Tuesday, January 27, 2015: Today is International Holocaust Remembrance Day and also the anniversary of the liberation of the Auschwitz concentration camp. To mark the occasion, Bob visits with Nobel Peace Prize winner, author, activist and Holocaust survivor Elie Wiesel. Then, we’ll get a guided tour of the Anne Frank House in Amsterdam from director Hans Westra. The Jewish girl and her family hid in the building for two years until they were discovered and sent to their deaths in concentration camps. Her story has lived on thanks to her book The Diary of a Young Girl.

 

Wednesday, January 28, 2015: Environmentalist John Francis went 17 years without saying a word. He was tired of having to explain to people why he gave up using motorized transportation – a boycott which lasted 22 years. Francis shares with Bob what he learned about listening and about the kindness of strangers.  He wrote about his experiences in the books, Planetwalker and more recently The Ragged Edge of Silence.

 

Thursday, January 29, 2015: Bob speaks with Pulitzer Prize winning cartoonist Jules Feiffer in front of a live audience at The Smithsonian Institution.
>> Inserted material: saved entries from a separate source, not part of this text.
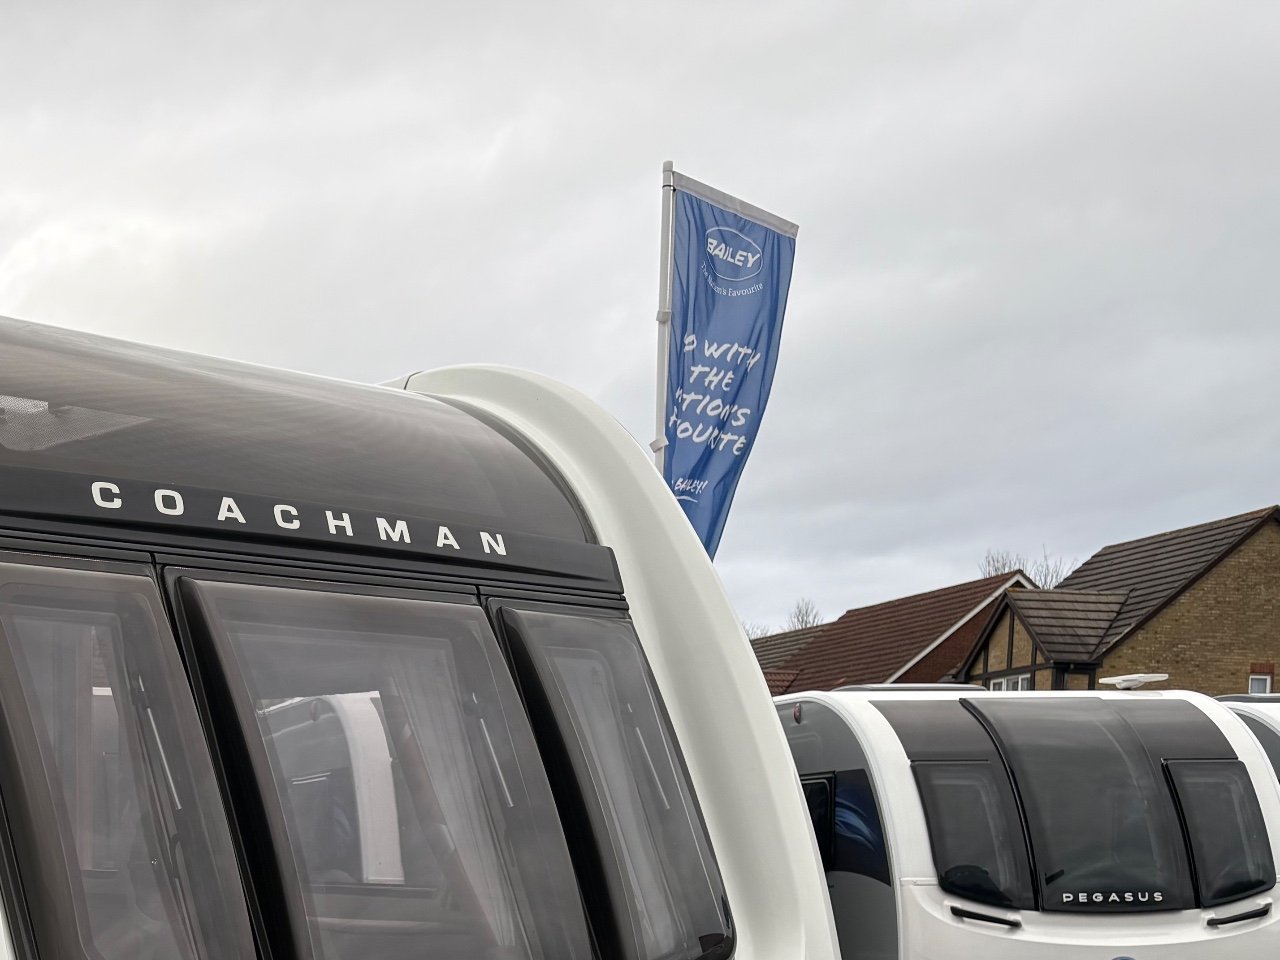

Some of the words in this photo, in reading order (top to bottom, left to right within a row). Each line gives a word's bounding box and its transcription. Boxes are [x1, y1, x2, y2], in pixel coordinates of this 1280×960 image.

[707, 238, 761, 268] BAILEY
[728, 283, 764, 297] Favourite
[704, 339, 761, 372] WITH
[690, 364, 734, 391] THE
[91, 481, 508, 556] COACHMAN
[1062, 892, 1163, 903] PEGASUS
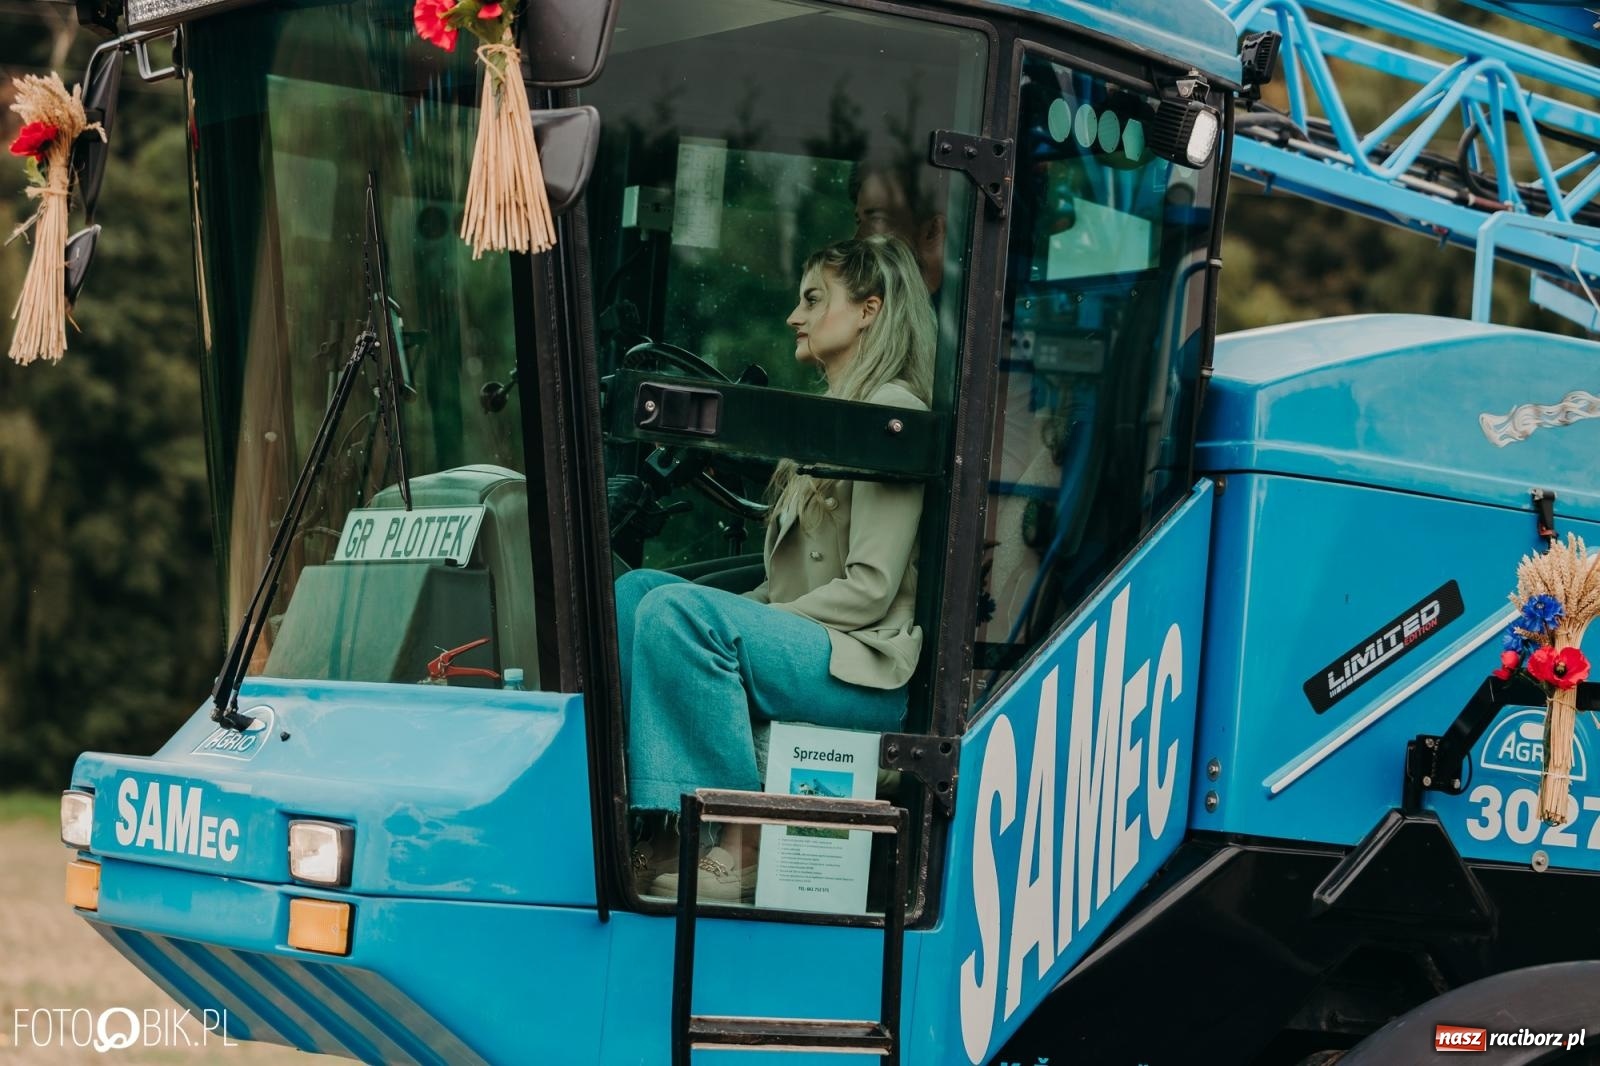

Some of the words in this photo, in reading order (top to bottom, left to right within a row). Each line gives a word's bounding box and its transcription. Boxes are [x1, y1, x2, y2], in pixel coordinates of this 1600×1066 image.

[345, 518, 374, 558] GR
[380, 515, 472, 558] PLOTTEK
[1328, 600, 1440, 690] LIMITED
[1403, 617, 1438, 646] EDITION
[793, 746, 854, 763] Sprzedam
[115, 777, 239, 862] SAMEC
[960, 582, 1182, 1065] SAMEC
Feiffer is a member of the Comic Book Hall of Fame and has written respected screenplays, books and plays.  In 2006, Feiffer received the Benjamin Franklin Creativity Award. And today is Feiffer’s 86th birthday. Mike Luckovich has won two Pulitzer Prizes for his editorial cartoons.  He calls the Pulitzer “the ultimate coloring contest.” Luckovich is the staff editorial cartoonist for the Atlanta Journal-Constitution but his work is also syndicated to hundreds of papers nationwide and regularly appears in Time, Newsweek, The Washington Post, and The New York Times.

 

Friday, January 30, 2015: In July 2005, Scott Hicks began filming a documentary about Philip Glass. Hicks had unprecedented access to the composer, following him across three continents – from his annual ride on the Coney Island “Cyclone” to the world premiere of his new opera in Germany to a didgeridoo concert in Australia.  Now Glass: A Portrait of Philip in Twelve Parts is available on DVD. Then, another documentary. Long before pay-per-view, the WWE and Hulk Hogan, the world of professional wrestling was like the Wild West. And Memphis was its Dodge City. Director Chad Schaffler tells the story of Memphis wrestling, from the carnival days of Sputnik Monroe, to integration, female wrestlers, and Jerry “The King” Lawler, who famously wrestled Andy Kauffman. The film is titled, Memphis Heat: The True Story of Memphis Wrasslin’.